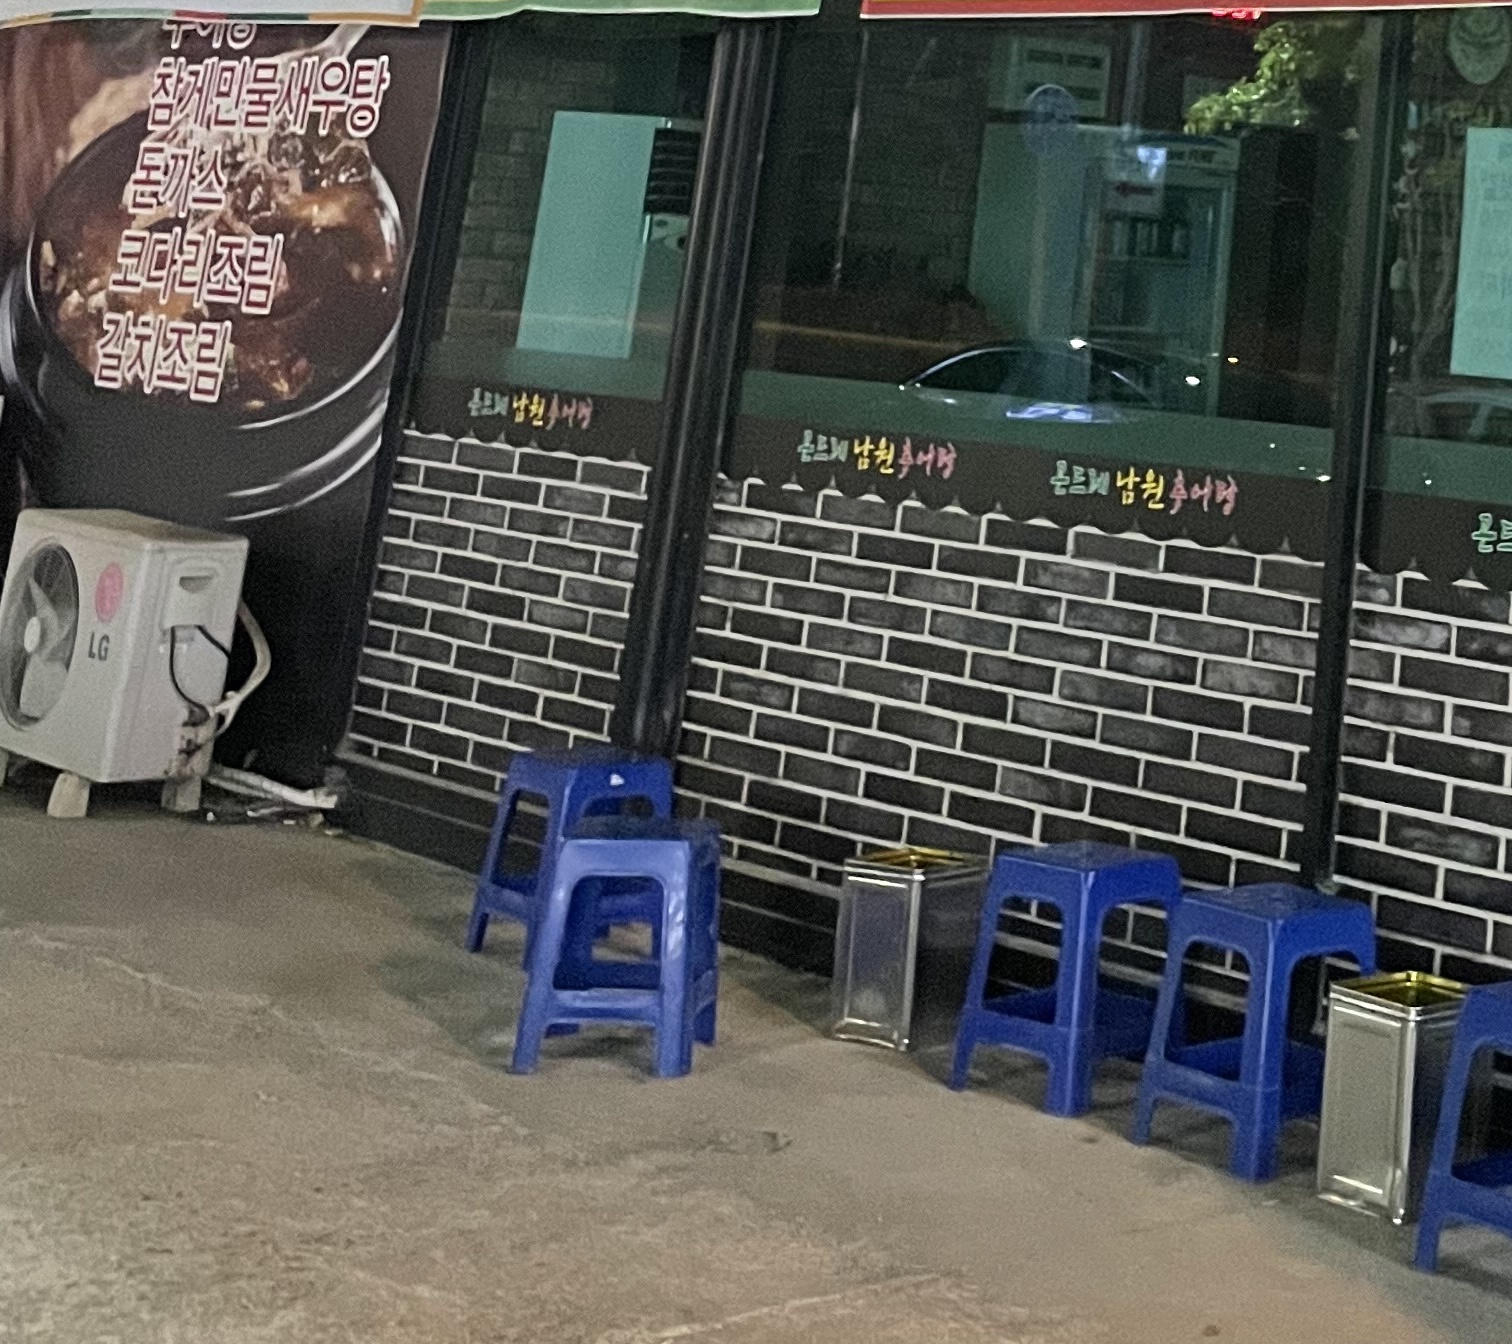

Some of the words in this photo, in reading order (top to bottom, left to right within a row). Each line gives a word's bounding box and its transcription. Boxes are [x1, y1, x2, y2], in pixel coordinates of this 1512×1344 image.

[147, 55, 391, 138] 참게민물새우탕
[127, 142, 228, 218] 돈까스
[108, 227, 285, 315] 코다리조림
[94, 310, 233, 403] 갈치조림
[1116, 466, 1165, 509] 남원
[88, 631, 111, 662] LG
··········
ACTIVITY -
From the first line to the last, print the records exactly; leave out the pictures.

WRITTEN SOLUTION -
Some of the words in this photo, in reading order (top to bottom, left to right within a row). Each line gives a word's bounding box and its transcription. Boxes are [x1, y1, x2, y2], in pixel coordinates of this 1512×1344 image.

[147, 55, 391, 138] 참게민물새우탕
[127, 142, 228, 218] 돈까스
[108, 227, 285, 315] 코다리조림
[94, 310, 233, 403] 갈치조림
[1116, 466, 1165, 509] 남원
[88, 631, 111, 662] LG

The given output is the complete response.